F1: FIA terá nova forma de medir taxa de compressão dos motores em Mônaco e 'truque' da Mercedes volta à tona
Outras equipes teriam sido aconselhadas a não copiar o projeto da montadora alemã
A Fórmula 1 ainda tem um problema para resolver e dar respostas às equipes. No dia 1º de junho, a categoria deve mudar a forma de medir a taxa de compressão dos motores de seis cilindros e evitar um truque que estaria sendo usado pela Mercedes.
Depois de lerem o regulamento de 2026, os engenheiros de Hywel Thomas, diretor da equipe que produz os motores da Mercedes em Brixworth, inventaram uma solução que alguns consideram genial e outros fora das regras: a taxa de compressão de 16:1 é aumentada para 18:1 graças ao bloqueio de um microcanal que liga a câmara de combustão a outra cavidade minúscula.
À temperatura ambiente, as verificações da FIA garantem o perfeito cumprimento das normas, enquanto a quente a situação pode mudar, mas em que medida? Pouco, muito pouco, segundo Toto Wolff.
"Essa é uma questão que nos pegou um pouco de surpresa quando veio à tona", explicou Nikolas Tombazis, responsável técnico da área de monopostos da FIA no final de abril. "Mas também devo dizer que não acredito que o assunto merecesse nem um centavo das matérias que recebeu ou da paixão que provocou nas pessoas".
"Sem entrar em muitos detalhes sobre as especificações desenvolvidas pelos fabricantes, não acreditamos que tenha sido feito algo errado que levasse à trapaça. O que os vários participantes disseram para pressionar é outra questão, mas, neste caso, não consideramos que se tratasse de trapaça. Houve algumas escolhas de projeto para tentar alterar a taxa de compressão em função da temperatura de maneira mais favorável".
A Mercedes não teme que esteja fora das regras, apesar de admitir que seu motor tem uma certa vantagem em comparação com os rivais, mas o tema esfriou no paddock e deixou de ser um motivo de discussão.
A ideia, de fato, se associada a um combustível desenvolvido especificamente, poderia proporcionar um desempenho superior ao que se obtém apenas com a variação da taxa de compressão.
Segundo os rumores, teria havido uma tentativa de outros construtores de adaptar suas unidades à ideia da câmara dupla, mas teriam sido aconselhados a desistir porque o conceito deve ser proibido para evitar a proliferação de uma tendência que arriscaria aumentar os custos, e a própria Mercedes teria se adequado antes do início do campeonato.

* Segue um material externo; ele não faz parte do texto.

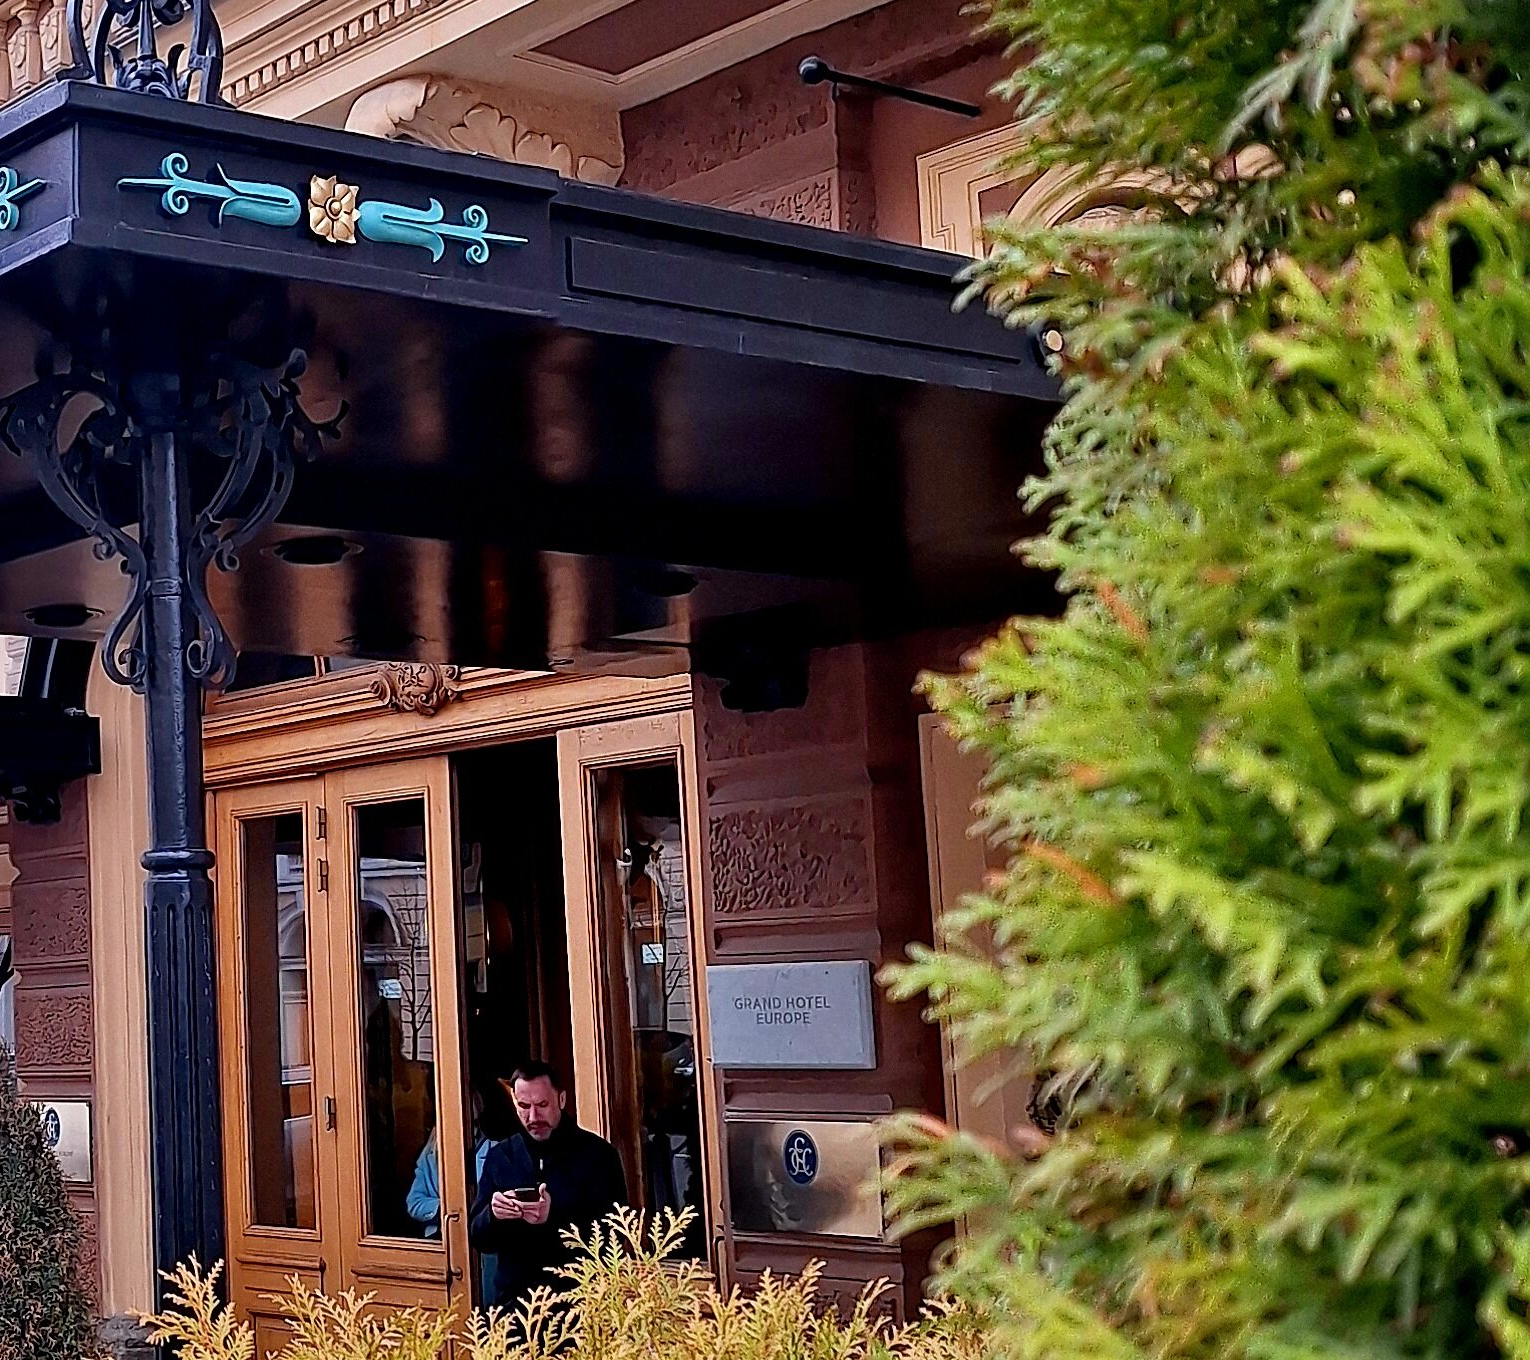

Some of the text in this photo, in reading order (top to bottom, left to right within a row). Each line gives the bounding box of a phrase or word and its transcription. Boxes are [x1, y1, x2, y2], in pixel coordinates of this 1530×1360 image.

[733, 995, 831, 1011] GRAND HOTEL
[756, 1011, 811, 1025] EUROPE

O dia 1º de junho, então, torna-se um divisor de águas importante na temporada: em Mônaco, além das asas fixas sem aerodinâmica móvel e do mapeamento do motor definido como 'Rev1' que limitará as velocidades máximas antecipando o momento em que o MGU-K começará a perder potência, finalmente haverá uma maneira de resolver o enigma da taxa de compressão.